Crows

Every morning, at the edge of dawn, squads of crows wheel down on Portland. They fan out over the neighborhoods, thousands of them, flapping and cawing, taking positions in trees, on power lines, and near our open windows. Crows enter our dreams.

 

It’s like that all summer; they start about 4:30 a.m., then come together again in the evenings, agitating long summer dusks, circling above elms and firs until the sky fills with their flapping black wings. Batches perch in the upper branches. cough with cigar throats, mock us. Later, just at dark, they all lift off again, loud, quarrelsome, mocking.

 

“No! ” she cried. She was sleep deprived and under siege. She had been wounded by the one who loved her, and they woke her in reminder, every day. In her dreams, they mocked her, threatened and mocked . Like something ugly she couldn’t forget.

So she clenched her fists and decided she would fight them, began collecting their feathers off the streets — black, glossy, sinister and thick — piled them in a basket, tied up its claw with them in the bundle of bad medicine she was making, a bundle of sorrow, and bundle of her rage. Oily feathers, scraps from the gutter, an ugly caricature from a minstrel show. Something she couldn’t forget.

 

The truth is, I didn’t think she had the power to fight the birds.

 

Just look at them, waddling and strutting toward scraps they pick at with their thick beaks picking at seeds with a swagger, picking at greasy wrappers and small dead things.

 

I didn’t believe her little talisman was going to work.

 

See, when I was a kid, I’d kept a pet crow.
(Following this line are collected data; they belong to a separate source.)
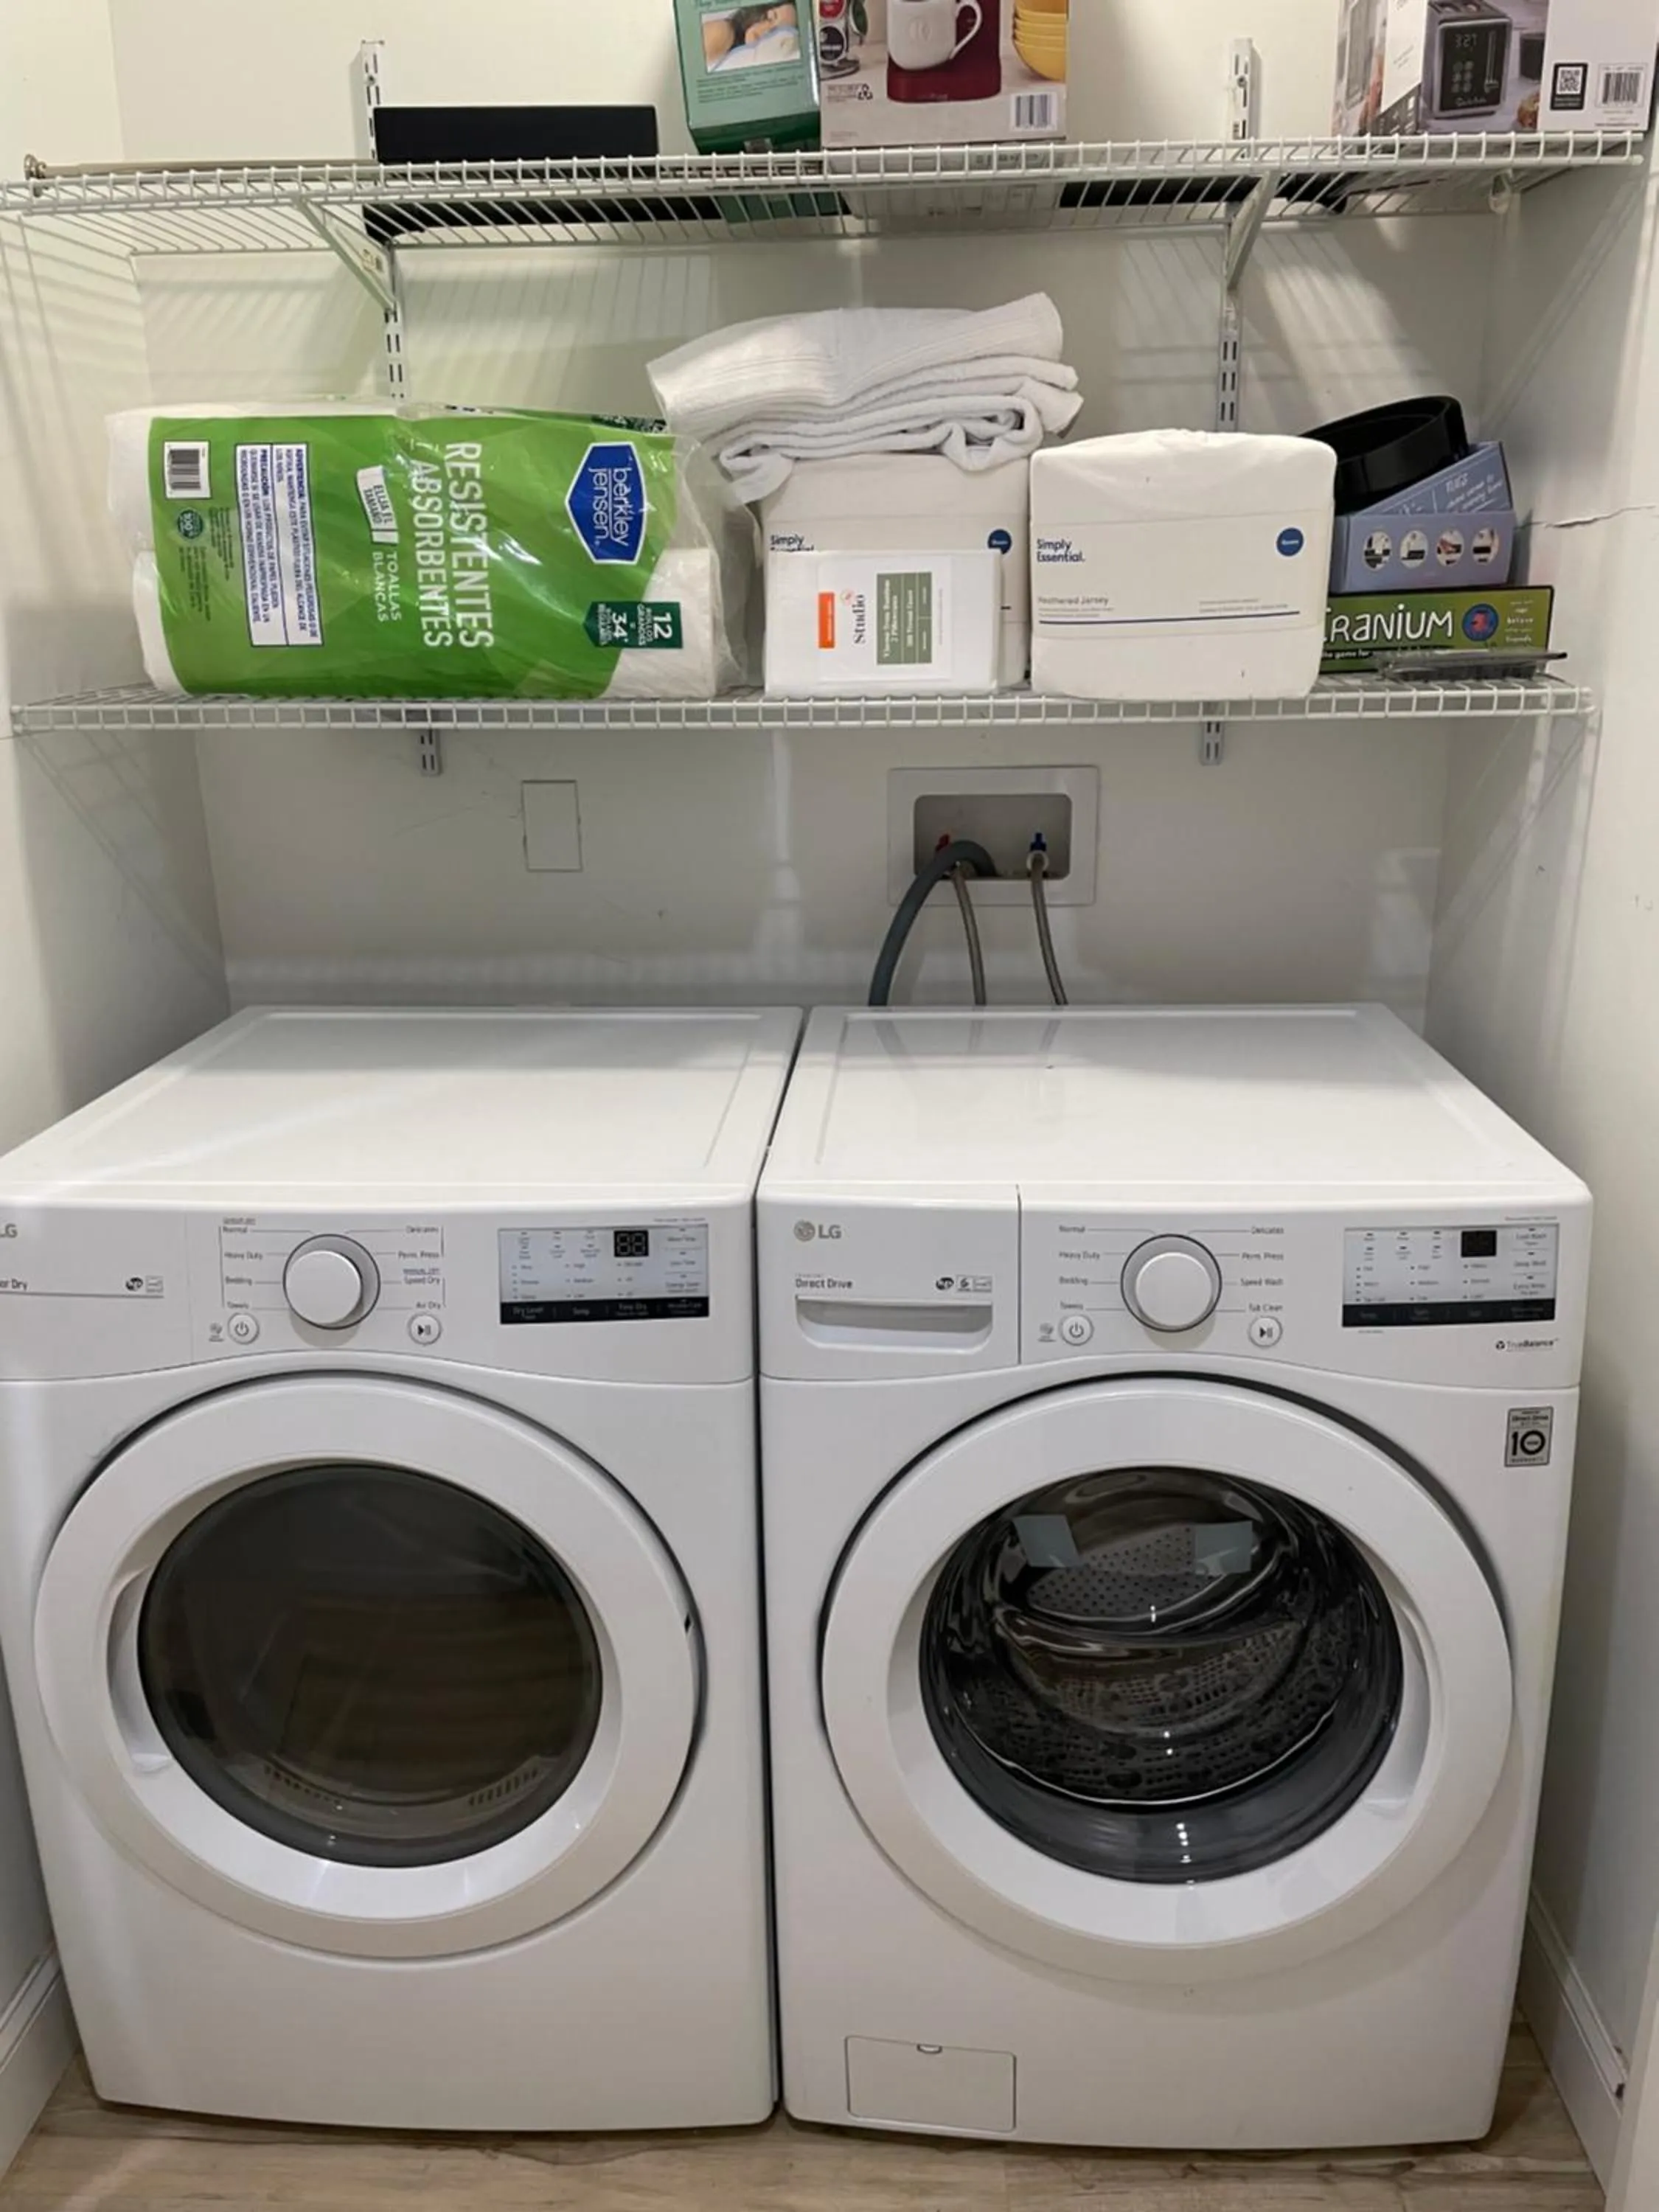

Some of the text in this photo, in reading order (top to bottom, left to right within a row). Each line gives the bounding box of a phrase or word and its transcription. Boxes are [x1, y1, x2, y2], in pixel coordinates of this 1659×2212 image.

[611, 467, 633, 546] berkley
[408, 460, 452, 647] ABSORBENTES
[445, 443, 494, 647] RESISTENTES
[771, 533, 804, 550] Simply
[1037, 538, 1072, 552] Simply
[372, 551, 389, 622] BLANCAS
[386, 551, 401, 621] TOALLAS
[653, 612, 672, 639] 12
[853, 594, 865, 644] Studio
[818, 1224, 842, 1239] LG
[11, 1279, 28, 1292] Dry
[796, 1278, 853, 1290] Direct Drive
[1511, 1430, 1546, 1456] 10
Yes, I was once close to them, I admit it. And they are smart. Nowadays people want exotic birds and nobody keeps crows. And that’s safest, because those birds end up stealing from their masters, stealing right out from under their noses.

Crows don’t have to work.

No wonder we have learned to hate them.

We don’t have to work, they say. They swagger. They mock. We don’t have to work. In huge flocks they descend and eat all the corn. They always post a sentinel. They are never caught. Thieves, bullies of smaller birds, carrion eaters. They are never caught … Something ugly she couldn’t forget.

 

So I didn’t believe she could beat the crows.

But one night in late summer, when clouds blew in on the south wind at dusk, when the crows were cawing, she took the bundle into the back yard and burned it.

She raised her arms. Smoke blew in ragged gusts, stinking of feathers. She raised her arms and cursed the crows, howled back at them. Mucus ran down her face. “You goddamn crows!” she said. “You goddamn crows, you goddamn crows.”
But they kept on wheeling, loud as ever, mocking and thick.

 

The next morning, though, she didn’t hear them. They had moved to more distant trees. So maybe it worked.

She sleeps more easily now that it’s winter and the windows are closed. Wind tears at the crows’ wings, while she’s inside safe and can almost forget.

They’re out there, though, flapping and waiting. Always a threat.

They swagger, they steal, and in the summer, they wheel down on Portland again, to enter our dreams when nights are shortest and we feel that something precious is slipping away.